Не отрывая телефон от уха, он вернулся к бару.

- … Ну вот и всё, – объявили на другом конце стакан спустя. – Про «Линукс», значит. Ты, кстати, как – Родину продать звонишь? Или мозги мне удобрять? В критический момент?

- Родину, – г-н Рыбаков опустился на пол и устроился там спиной к стене, выпростав из полотенца непропорционально худые ноги. – Бесплатно отдам. В хорошие руки… – он бесстыдно похихикал над собственной шуткой. – Проверить хочешь?

- Хочу. Во сколько?

- Пятнадцать двадцать семь. По местному.

- Оружие где?


- В ресторане «Шаганэ» на Багратиона. В подвале под кухней. Там фальшивая стена справа от лестницы, как спустишься. Фанерная… Там ещё этот – администратор Георгиев, с родимым пятном на щеке.

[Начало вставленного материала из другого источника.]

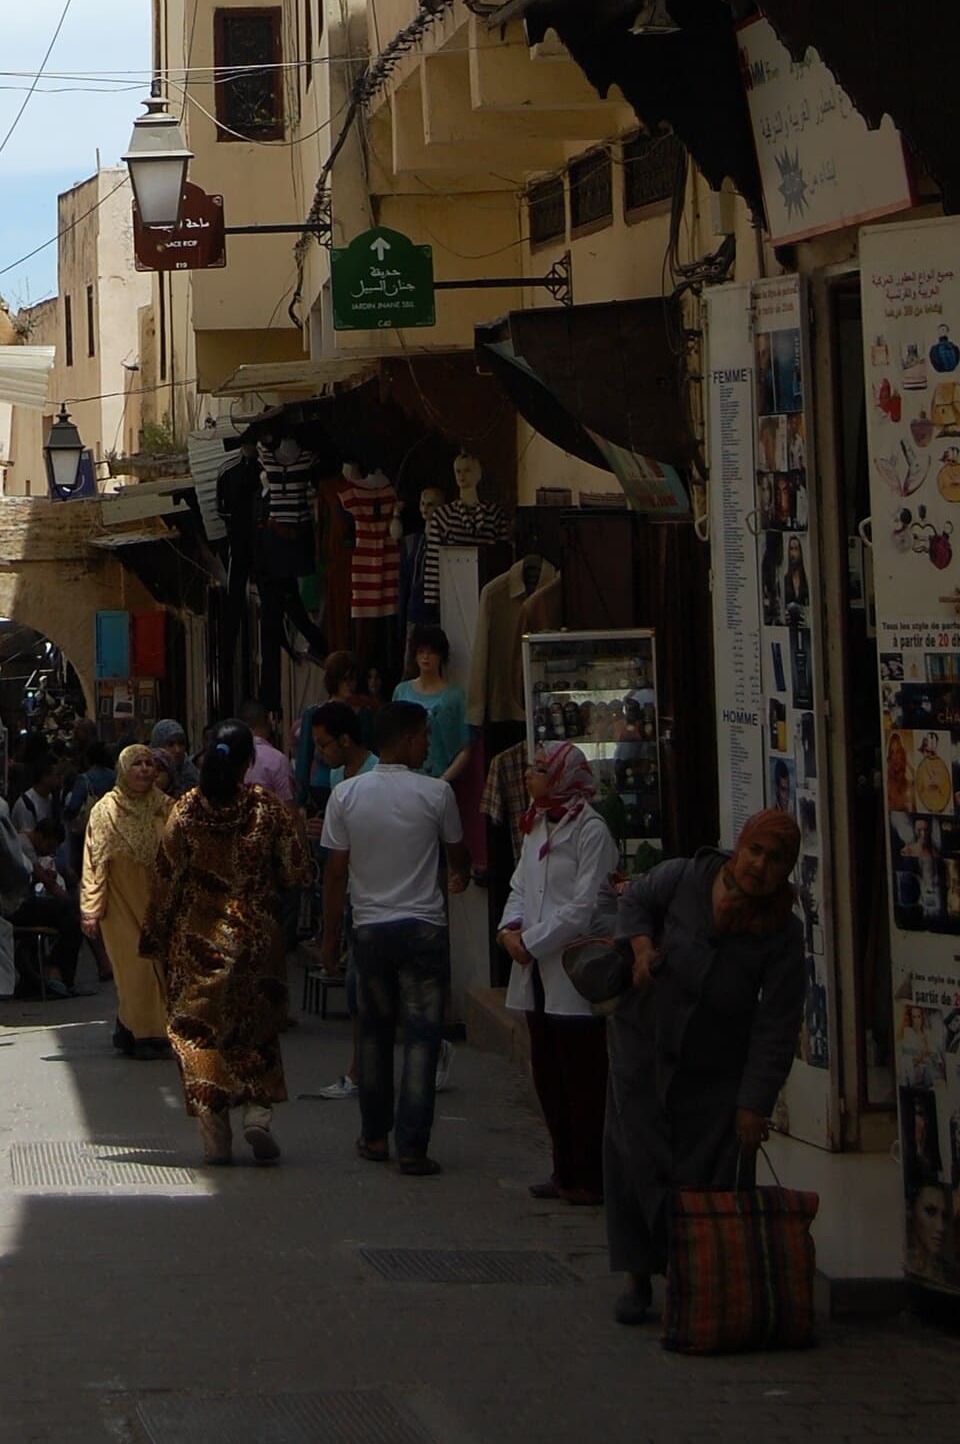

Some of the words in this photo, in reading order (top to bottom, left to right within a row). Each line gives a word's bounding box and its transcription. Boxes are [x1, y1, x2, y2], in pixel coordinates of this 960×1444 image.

[713, 368, 748, 385] FEMME
[900, 634, 923, 651] partir
[925, 633, 936, 647] de
[938, 633, 950, 647] 20
[723, 710, 759, 726] HOMME

Его надо чем-нибудь усыпляющим, а то он ненормальный, на пули полезет…


- Хороший совет, – задумчиво одобрили с другого конца. – Давай-ка, Михал Филипыч, я сразу предупрежу, если не возражаешь. Зачем нам пули?


- Давай, давай… – г-н Рыбаков плеснул себе третью дозу, но торопиться на этот раз не стал. Перешёл на маленькие глотки.


Прошли двадцать две секунды.


- … Ага, я с тобой.


- Ещё заначка на Хмельницкого шесть, на частной квартире. Там по шкафам всё рассовано. Ребята сбегутся из… Из этой… Ёжкин кот, как же её? - г-н Рыбаков крякнул, позабавленный своей забывчивостью.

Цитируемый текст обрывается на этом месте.